На четвертый день он рассказал. Когда его арестовали за взятки с конокрадов, младший брат, пограничник, приехал к Бещибаеву, председателю волисполкома. «За что ты арестовал моего брата?» — опросил он. «За то, что он брал взятки и мешал правосудию». Тогда Абдулин-младший сказал: «А как же ты своего тестя отправил в Китай со скотом?» Бещибаев сказал: «Не будем ссориться. Я выпущу твоего брата. А ты сообщай, если на погранзаставе будут какие-нибудь новости». Когда задержали на границе двух человек, выдавших себя за китайских солдат, Абдулин на другой день приехал и доложил об этом Бещибаеву, и тот велел Абдулину постараться освободить этих людей. Абдулину удалось войти в конвой. Совместно с Бесимбаевым они заманили Волкова на бешбармак к Омару Оспанову, где Волкова расстреляли. А двое задержанных и Абдулин ушли за границу.
— Вот вся правда, — сказал Мухтар.
— Кто же были эти задержанные? — спросил я.
— Этого я не знаю, джелдас-начальник.
— Почему Бещибаев отправил тестя за границу?
— Он у него богатый бай. Еще когда ни у кого не отбирали скота, Бещибаев вернулся из Алма-Аты и велел своему тестю уходить со скотом за границу.
— Из-за границы брат приходил?
— Нет, джелдас-начальник.
Припертые к стене свидетелями, баи один за другим давали показания. При этом каждый выгораживал себя и топил других. На очных ставках они дрались, так что в кабинете на допросах постоянно присутствовали два пограничника, которые охраняли их друг от друга.
Омар Оспанов и тут держался, как хитрая лиса. На очных ставках то и дело вмешивался в показания:
— Зачем ты неправду говоришь? Начальнику нужно всю правду говорить… Ты же не был при этом! Зачем говоришь, будто знаешь?
Однако против него были собраны неопровержимые показания.

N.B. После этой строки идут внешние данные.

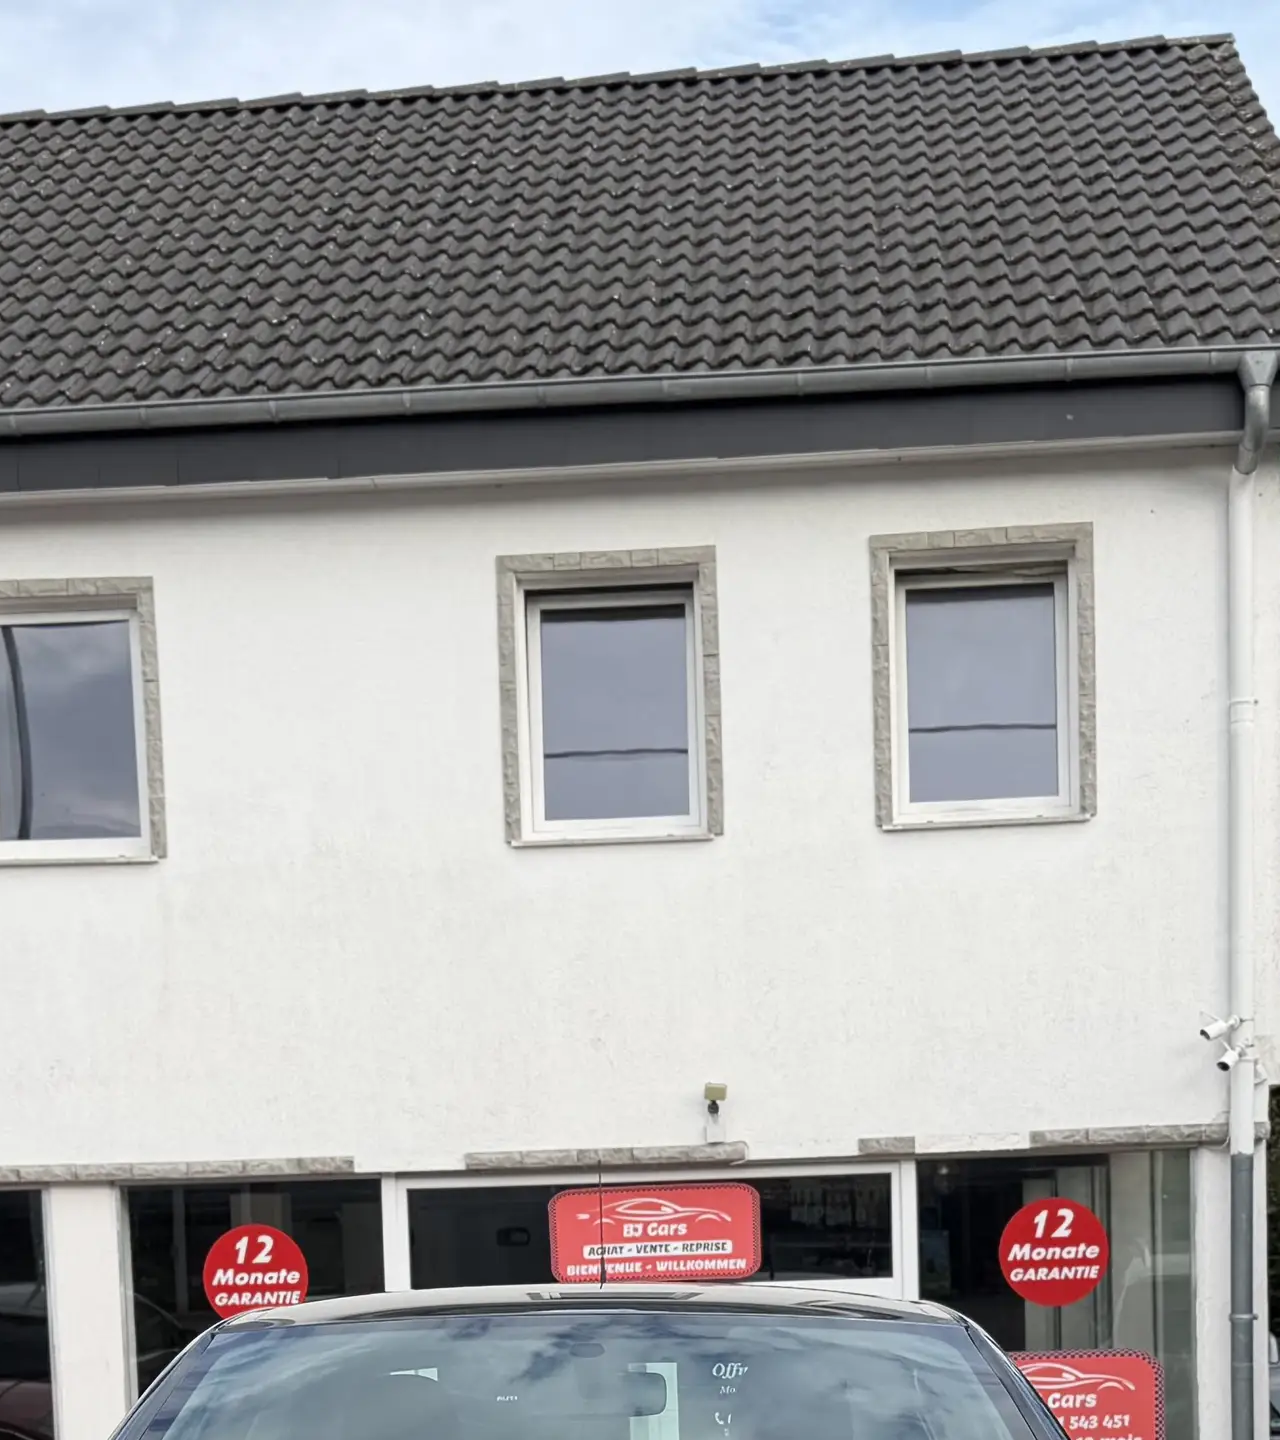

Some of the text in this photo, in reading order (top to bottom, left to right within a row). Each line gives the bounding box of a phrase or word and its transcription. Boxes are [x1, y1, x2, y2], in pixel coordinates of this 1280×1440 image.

[647, 1222, 688, 1236] Cars
[1033, 1208, 1074, 1239] 12
[235, 1235, 274, 1265] 12
[636, 1243, 671, 1254] VENTE
[682, 1242, 727, 1252] REPRISE
[1007, 1242, 1100, 1262] Monate
[566, 1262, 642, 1276] BIENENUE
[655, 1258, 747, 1272] WILLKOMMEN
[1010, 1265, 1100, 1282] GARANTIE
[212, 1268, 301, 1287] Monate
[214, 1291, 301, 1307] GARANTIE
[1047, 1392, 1097, 1409] Cars
[1069, 1415, 1098, 1430] 543
[1102, 1413, 1130, 1429] 451
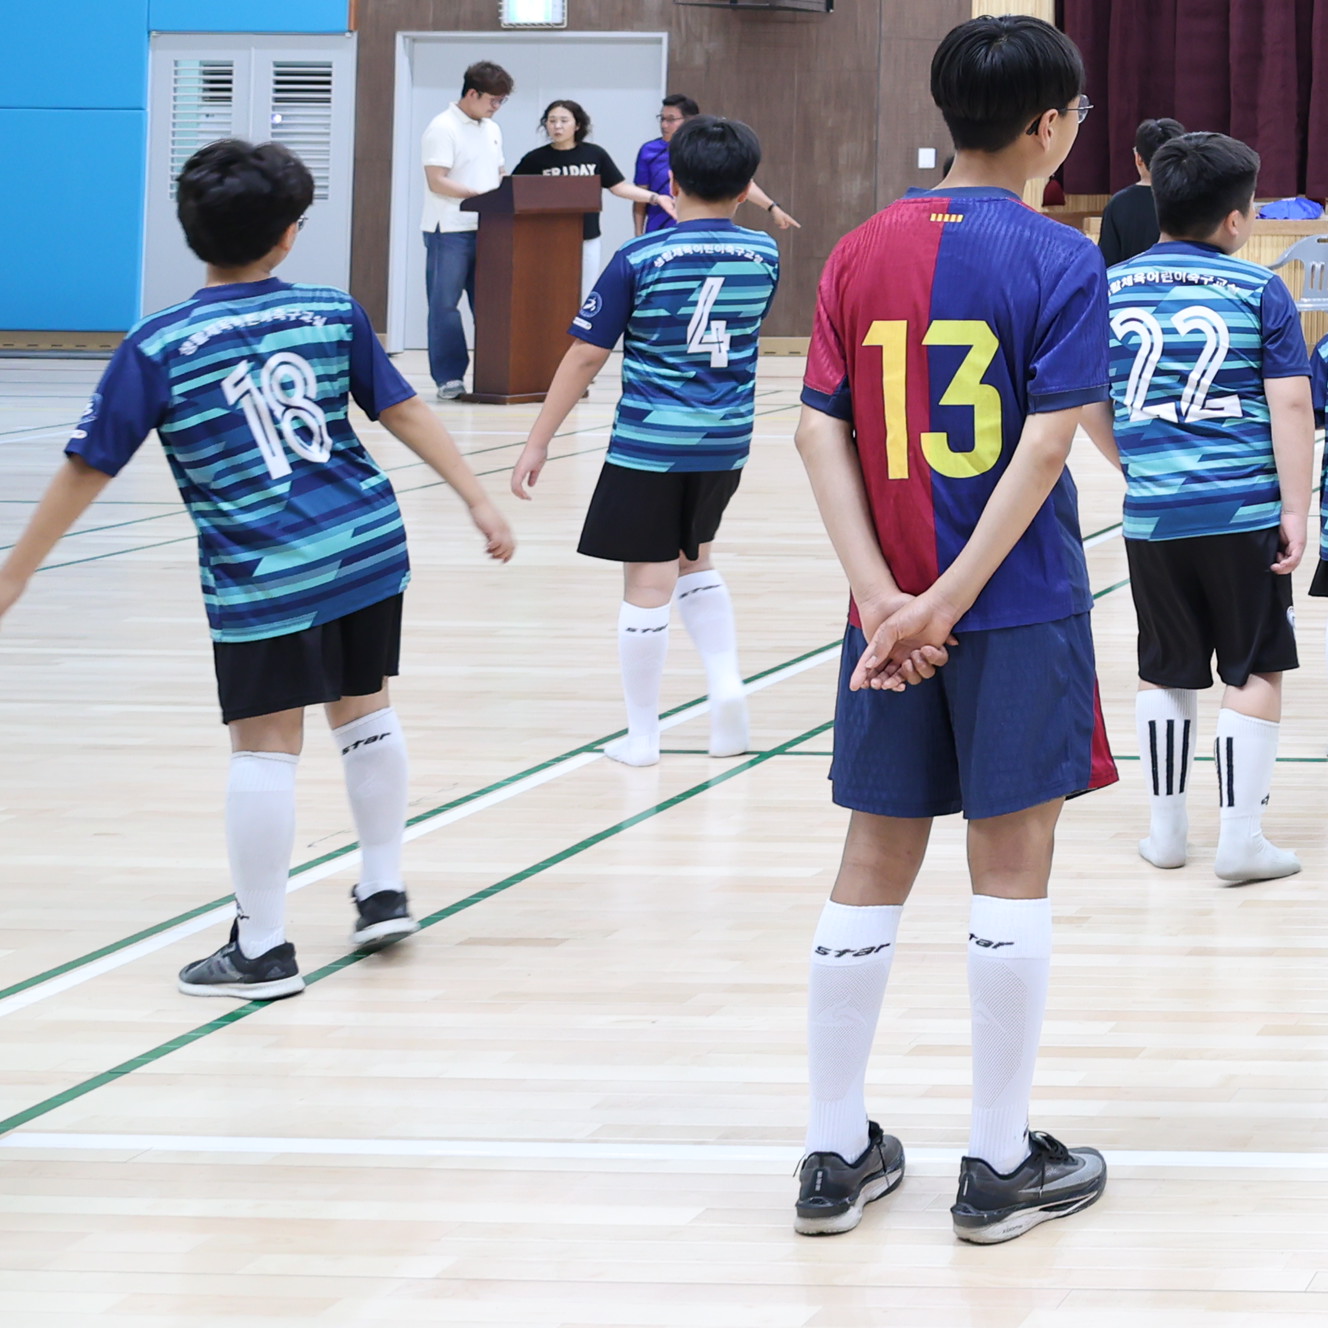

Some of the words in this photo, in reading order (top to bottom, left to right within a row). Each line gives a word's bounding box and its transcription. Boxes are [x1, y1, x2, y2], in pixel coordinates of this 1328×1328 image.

[687, 276, 731, 368] 4
[1110, 305, 1243, 423] 22
[220, 351, 333, 480] 18
[861, 319, 1002, 479] 13
[342, 731, 392, 756] star
[815, 942, 892, 958] star
[969, 932, 1015, 950] tar
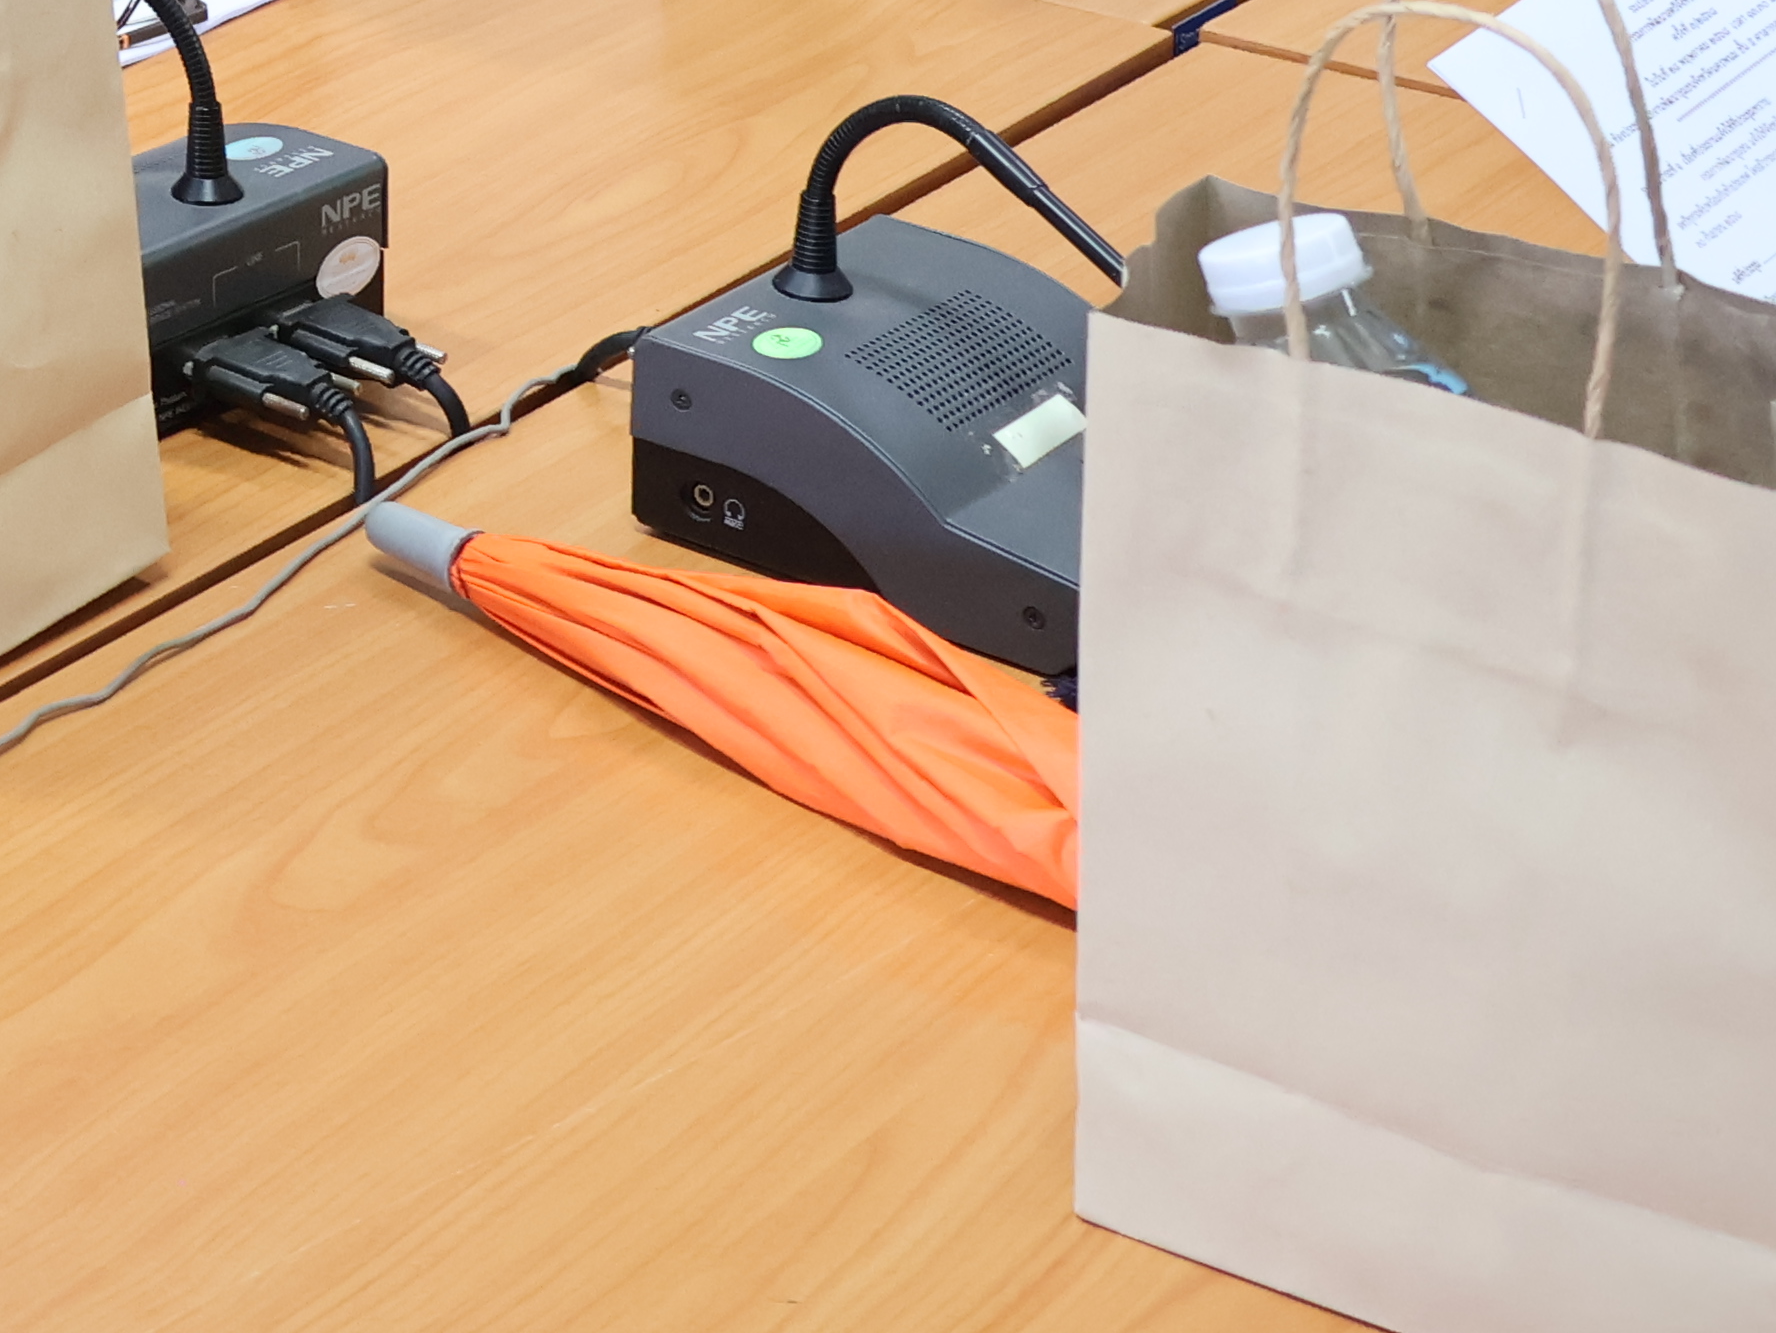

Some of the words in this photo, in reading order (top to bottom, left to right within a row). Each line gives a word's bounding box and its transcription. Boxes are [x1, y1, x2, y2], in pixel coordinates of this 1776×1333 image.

[267, 145, 335, 179] NPE
[320, 183, 382, 228] NPE
[692, 305, 767, 342] NPE
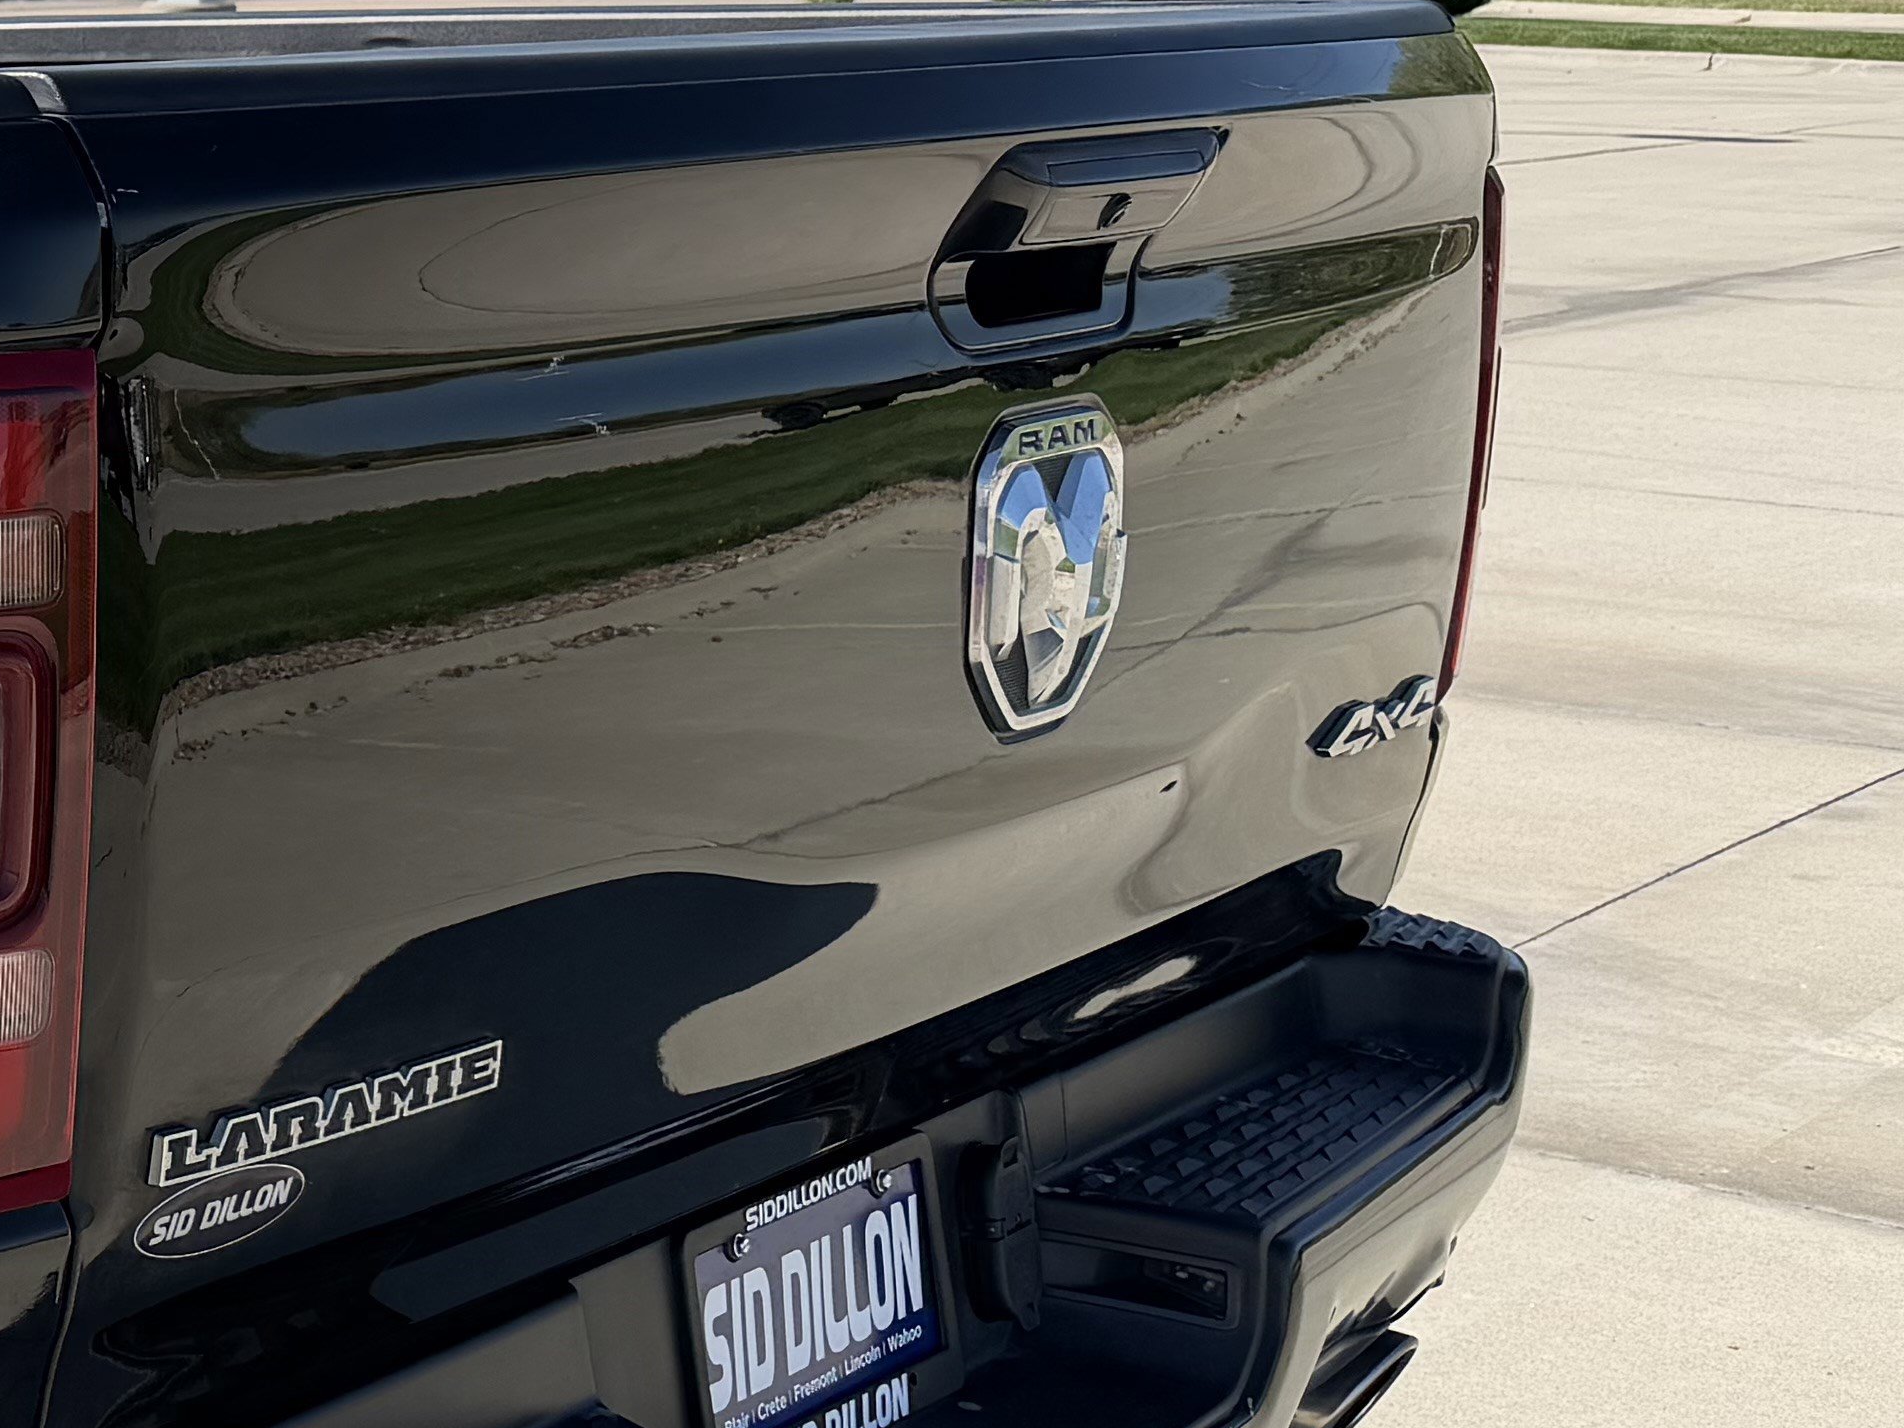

Дольше других я не брал Бесимбаева. Выжидал, что станет он делать. Но Бесимбаев замер: нигде не бывал, ни с кем не говорил. Неожиданно он сам явился ко мне.
Первое, что он сказал, это, что Абдулин из Китая под чужой фамилией был направлен в Казахстан и сейчас проживает в Семипалатинске. Я тут же сообщил об этом в Семипалатинск, и Абдулина арестовали. Одновременно с ним был арестован и председатель волисполкома Бещибаев.
Круг замкнулся. Были выяснены последние темные места в этой истории с пропавшим конвоем. Все нити ее вели к Бещибаеву.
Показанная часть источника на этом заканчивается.